Assigned task
Return every record verbatim, omitting all pictures.

The records
= = = =

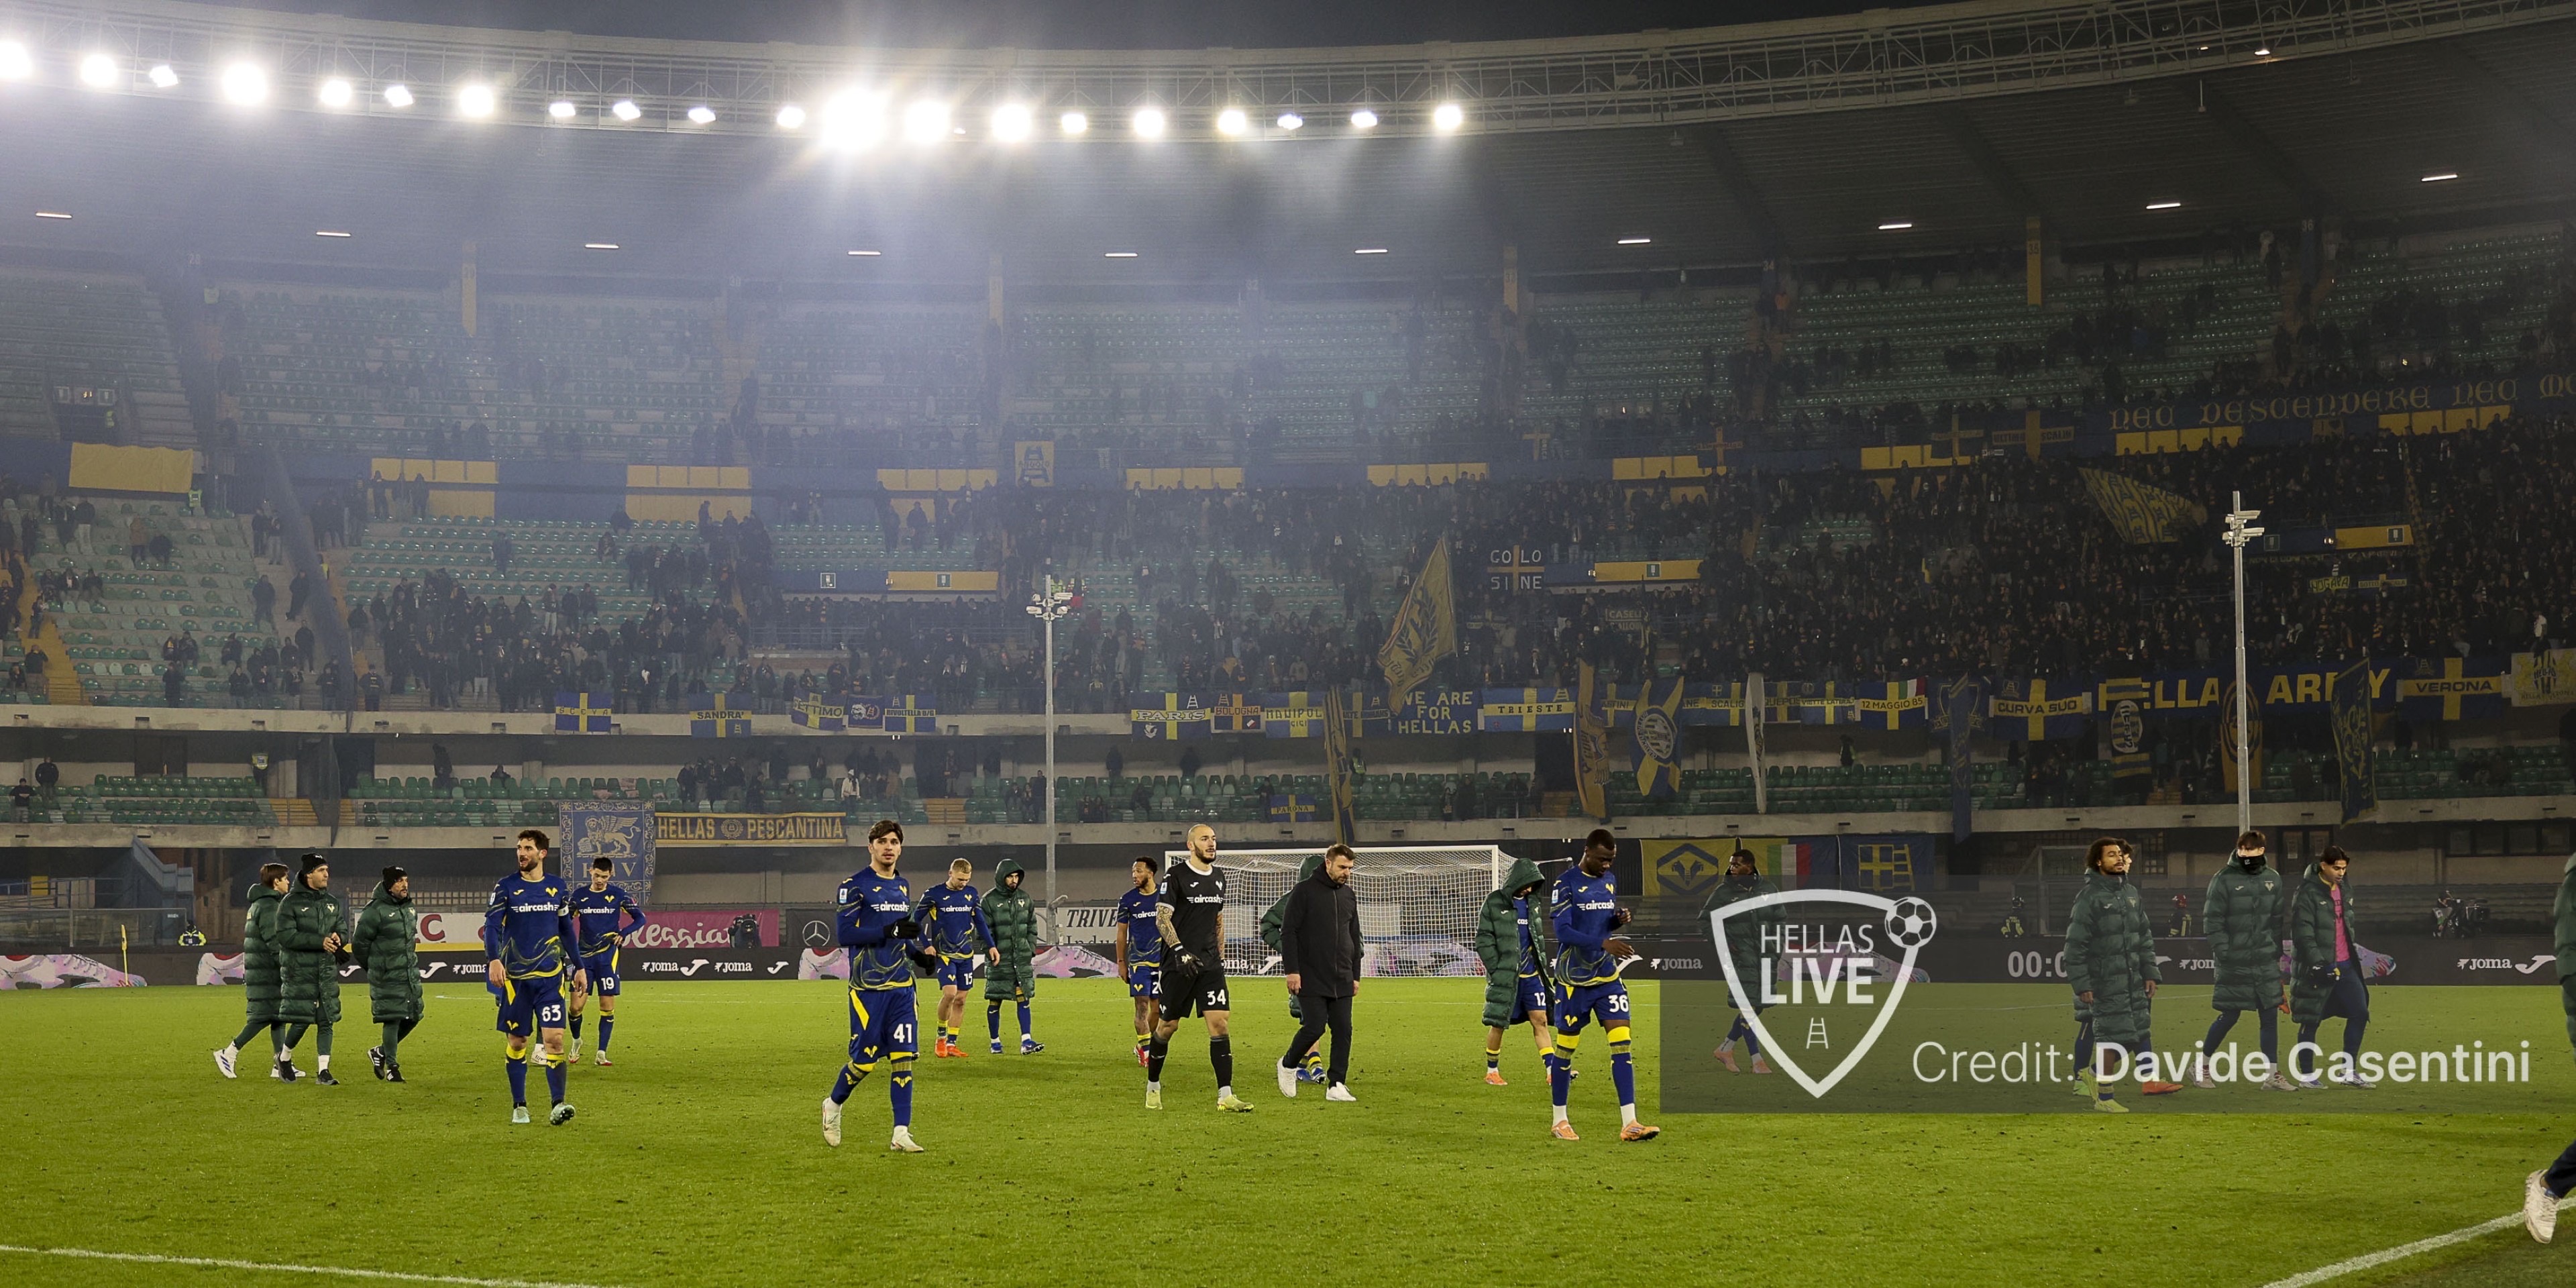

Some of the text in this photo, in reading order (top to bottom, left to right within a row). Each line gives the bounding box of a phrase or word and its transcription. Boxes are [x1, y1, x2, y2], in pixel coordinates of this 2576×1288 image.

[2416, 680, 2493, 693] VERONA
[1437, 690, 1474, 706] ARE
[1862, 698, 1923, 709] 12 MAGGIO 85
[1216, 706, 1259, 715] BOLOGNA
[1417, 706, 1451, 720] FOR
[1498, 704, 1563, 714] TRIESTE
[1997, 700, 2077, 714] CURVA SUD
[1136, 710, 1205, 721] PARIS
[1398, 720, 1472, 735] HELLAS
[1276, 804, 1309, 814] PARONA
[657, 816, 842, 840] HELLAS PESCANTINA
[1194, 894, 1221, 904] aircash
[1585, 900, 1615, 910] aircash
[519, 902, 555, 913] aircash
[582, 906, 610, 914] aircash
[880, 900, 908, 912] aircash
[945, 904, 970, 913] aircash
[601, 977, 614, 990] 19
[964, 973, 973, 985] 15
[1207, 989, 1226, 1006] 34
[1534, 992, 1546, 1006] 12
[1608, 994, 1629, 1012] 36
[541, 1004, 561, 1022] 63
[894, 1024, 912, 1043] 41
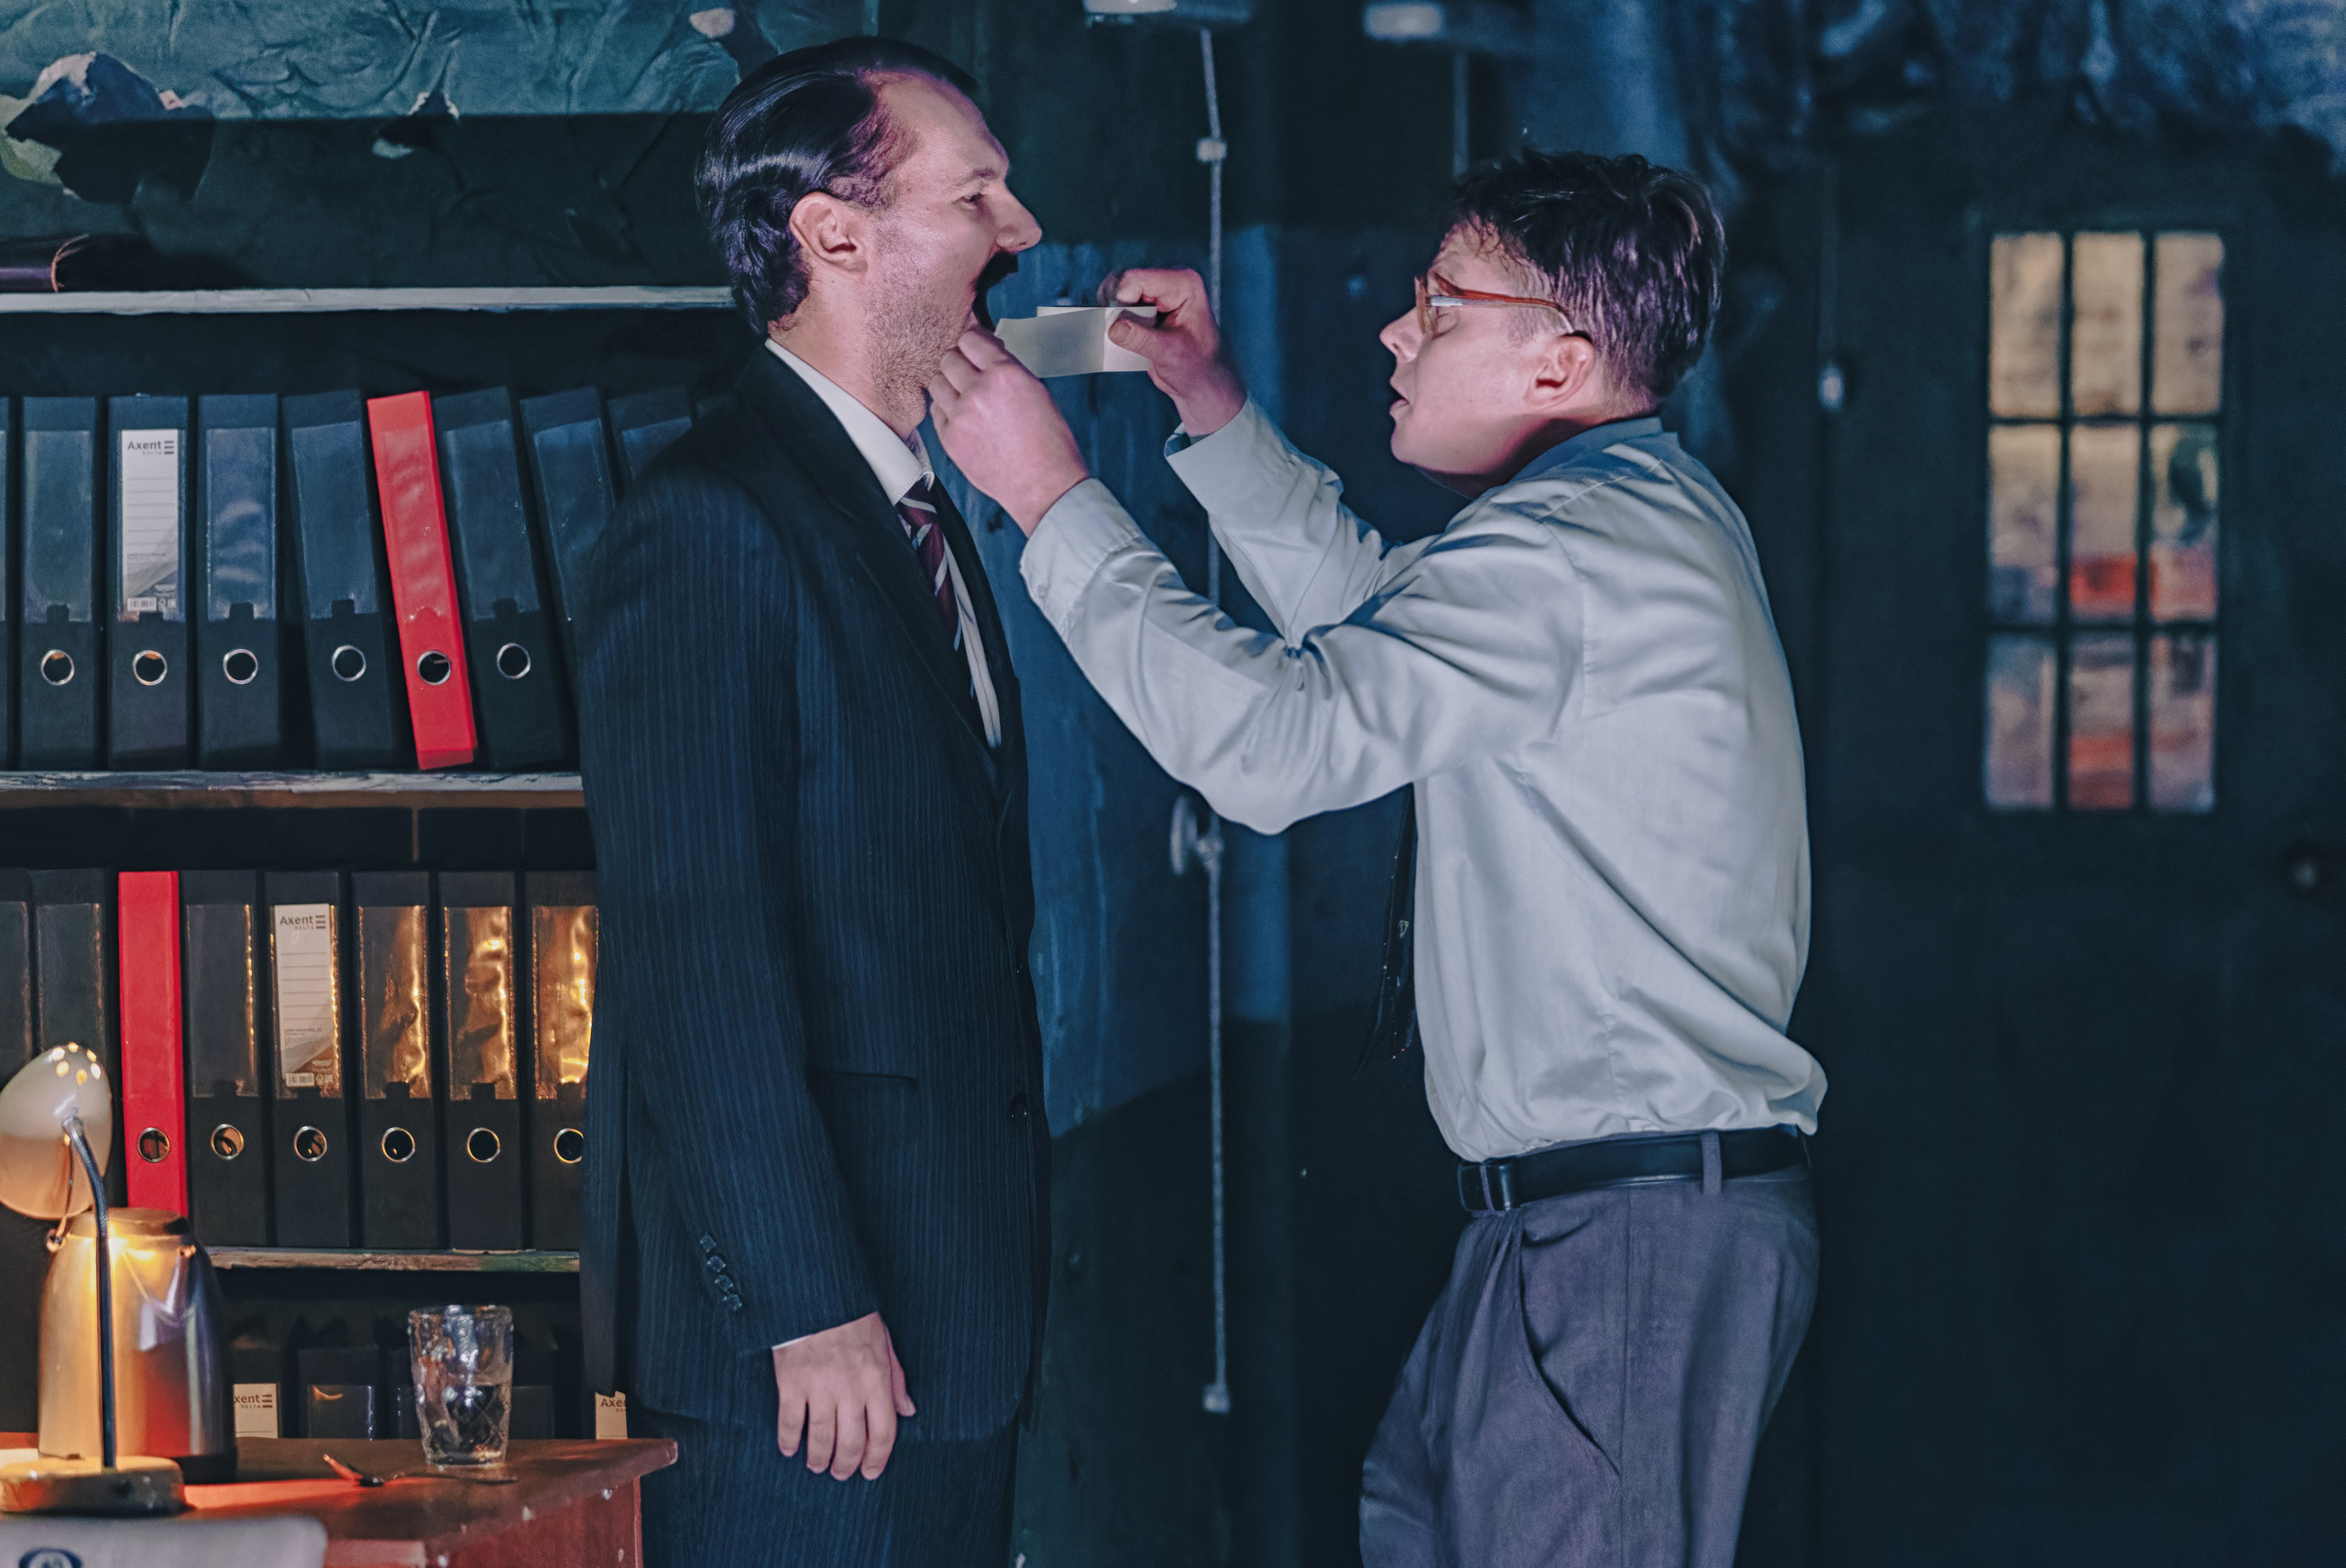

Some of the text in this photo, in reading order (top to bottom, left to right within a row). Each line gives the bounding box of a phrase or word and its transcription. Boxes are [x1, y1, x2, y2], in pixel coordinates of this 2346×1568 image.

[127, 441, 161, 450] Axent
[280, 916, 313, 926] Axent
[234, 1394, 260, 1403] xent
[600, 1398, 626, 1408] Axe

= = = =

Answer to this exercise
Some of the text in this photo, in reading order (top to bottom, left to right within a row). Each line gives the bounding box of a phrase or word and its transcription. Boxes are [x1, y1, x2, y2], in pixel coordinates of this 2576×1288 image.

[2416, 680, 2493, 693] VERONA
[1437, 690, 1474, 706] ARE
[1862, 698, 1923, 709] 12 MAGGIO 85
[1216, 706, 1259, 715] BOLOGNA
[1417, 706, 1451, 720] FOR
[1498, 704, 1563, 714] TRIESTE
[1997, 700, 2077, 714] CURVA SUD
[1136, 710, 1205, 721] PARIS
[1398, 720, 1472, 735] HELLAS
[1276, 804, 1309, 814] PARONA
[657, 816, 842, 840] HELLAS PESCANTINA
[1194, 894, 1221, 904] aircash
[1585, 900, 1615, 910] aircash
[519, 902, 555, 913] aircash
[582, 906, 610, 914] aircash
[880, 900, 908, 912] aircash
[945, 904, 970, 913] aircash
[601, 977, 614, 990] 19
[964, 973, 973, 985] 15
[1207, 989, 1226, 1006] 34
[1534, 992, 1546, 1006] 12
[1608, 994, 1629, 1012] 36
[541, 1004, 561, 1022] 63
[894, 1024, 912, 1043] 41

Some of the text in this photo, in reading order (top to bottom, left to right within a row). Each line gives the bounding box of a phrase or word and its transcription. Boxes are [x1, y1, x2, y2], in pixel coordinates of this 2346×1568 image.

[127, 441, 161, 450] Axent
[280, 916, 313, 926] Axent
[234, 1394, 260, 1403] xent
[600, 1398, 626, 1408] Axe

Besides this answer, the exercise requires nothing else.